ROANOKE TIMES 
                      Copyright (c) 1997, Roanoke Times

DATE: Wednesday, January 29, 1997            TAG: 9701290089
SECTION: BUSINESS                 PAGE: B-6  EDITION: METRO 
SOURCE: MEGAN SCHNABEL STAFF WRITER


SINGER BOWS OUT OF FURNITURE BUSINESS

The Singer Co., which last year shut its Roanoke manufacturing plant, is getting out of the U.S. furniture business.

The announcement, made late last week by the parent of High Point, N.C.-based Singer Furniture Co., follows last summer's layoff of 300 in Roanoke. In December, the company said its Lenoir, N.C., plant would be closed by late March, and all operations would be consolidated at the company's Chocowinity, N.C., facility.

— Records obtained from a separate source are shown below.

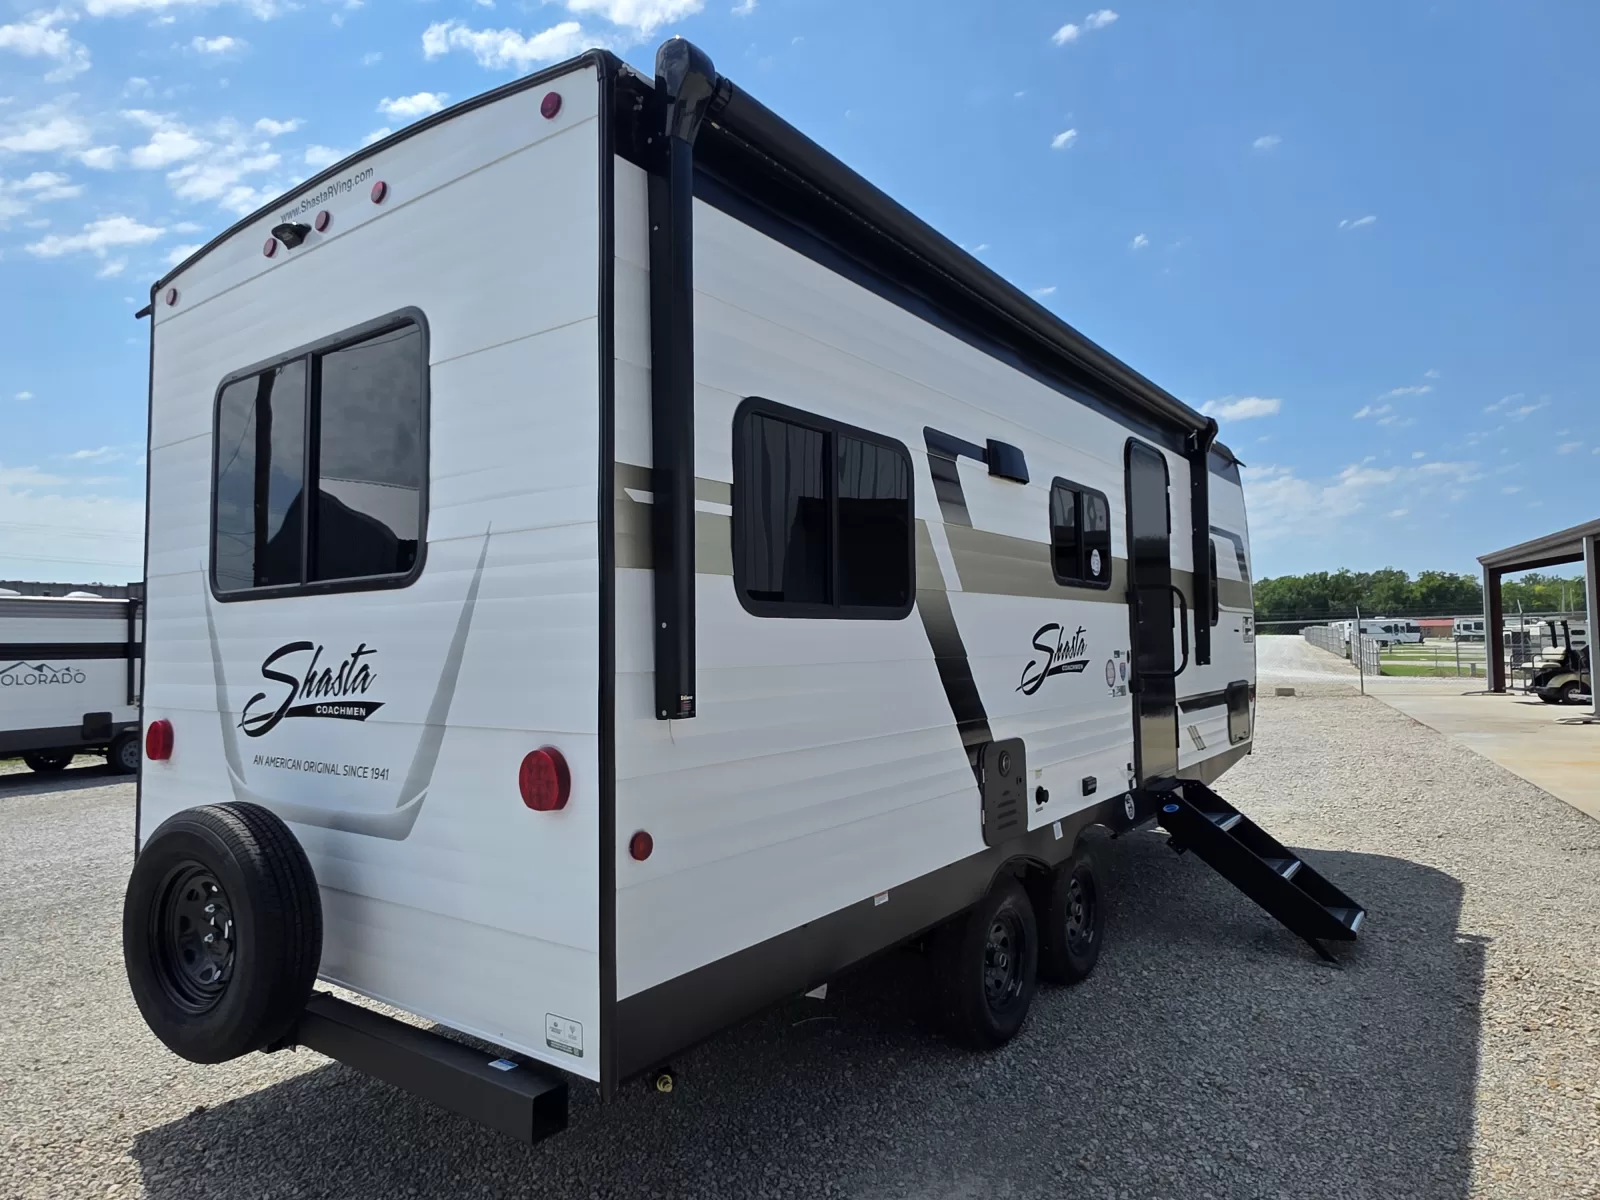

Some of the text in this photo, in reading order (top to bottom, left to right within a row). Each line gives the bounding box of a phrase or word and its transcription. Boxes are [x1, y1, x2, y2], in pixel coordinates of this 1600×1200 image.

[280, 167, 374, 223] www.ShastaRVing.com
[1020, 622, 1088, 696] Shasta
[241, 640, 378, 737] Shasta
[315, 705, 366, 716] COACHMEN
[253, 754, 390, 781] AN AMERICAN ORIGINAL SINCE 1941

The Chocowinity factory now is scheduled to close as well.

Singer Furniture officials are expected to meet today to discuss a possible management buyout of the Lenoir and Chocowinity plants, which produce bedroom and dining room furniture and employ 1,000. If the buyout is successful, the plants would stay open, said Craig Shoemaker, Singer Furniture president and a member of the buyout team.

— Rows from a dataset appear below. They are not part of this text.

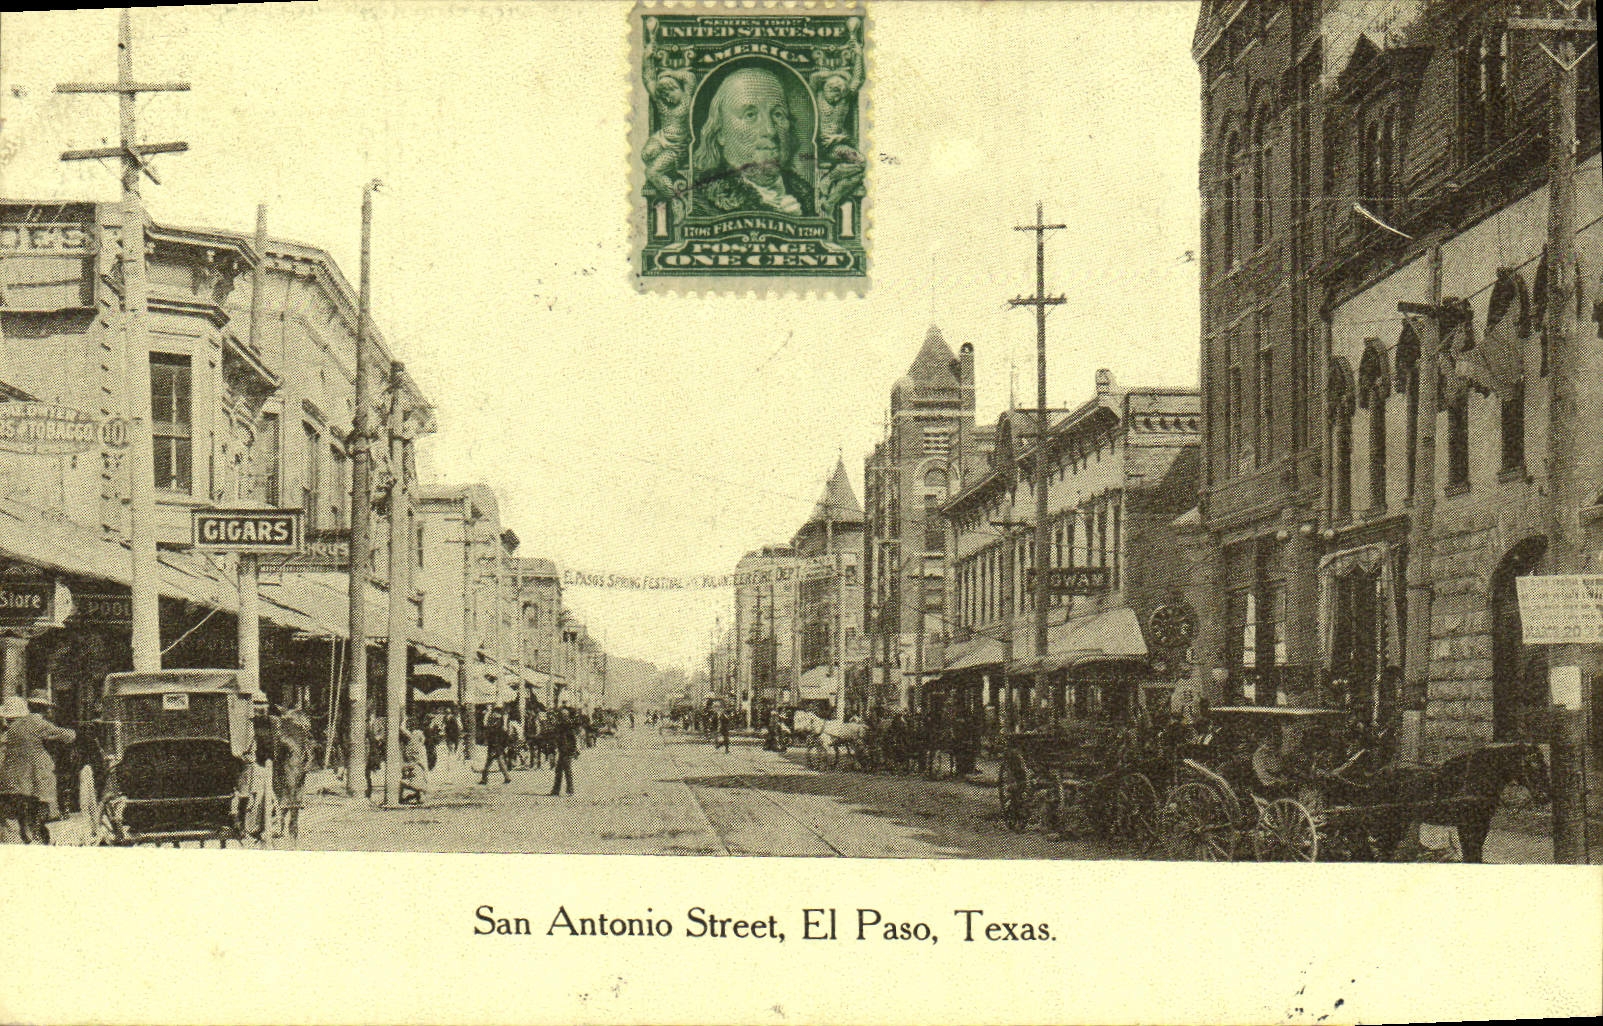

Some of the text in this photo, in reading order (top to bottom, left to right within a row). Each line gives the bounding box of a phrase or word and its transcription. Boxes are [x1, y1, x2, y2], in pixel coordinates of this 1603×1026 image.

[661, 26, 846, 38] UNITED STATES OF
[699, 43, 809, 63] AMERICA
[655, 201, 669, 237] 1
[713, 218, 796, 236] FRANKLIN
[839, 201, 854, 237] 1
[693, 243, 816, 253] POSTAGE
[665, 254, 845, 267] ONE CENT
[203, 519, 289, 541] CIGARS
[643, 574, 683, 590] FESTIVAL

The future of the 40 administrative jobs that remained in Roanoke when the manufacturing plant closed is uncertain, Singer spokesman William Foster said. The company had planned to move those positions to North Carolina by the end of this month.

The Singer Co. originally bought Johnson-Carper Furniture Co. of Roanoke in 1969 and changed its name to Singer Furniture. The company had its headquarters in Roanoke until 1994, when then-president Dennis Ammons moved to High Point. Singer Corp., a sewing machine and home appliance company, is owned by Semi-Tech Global Co. Ltd. of Hong Kong.

New York-based Singer announced Friday it lost $20 million during the fourth quarter of 1996 and attributed $16.5 million of that to its furniture division.

- Landmark News Service contributed to this report.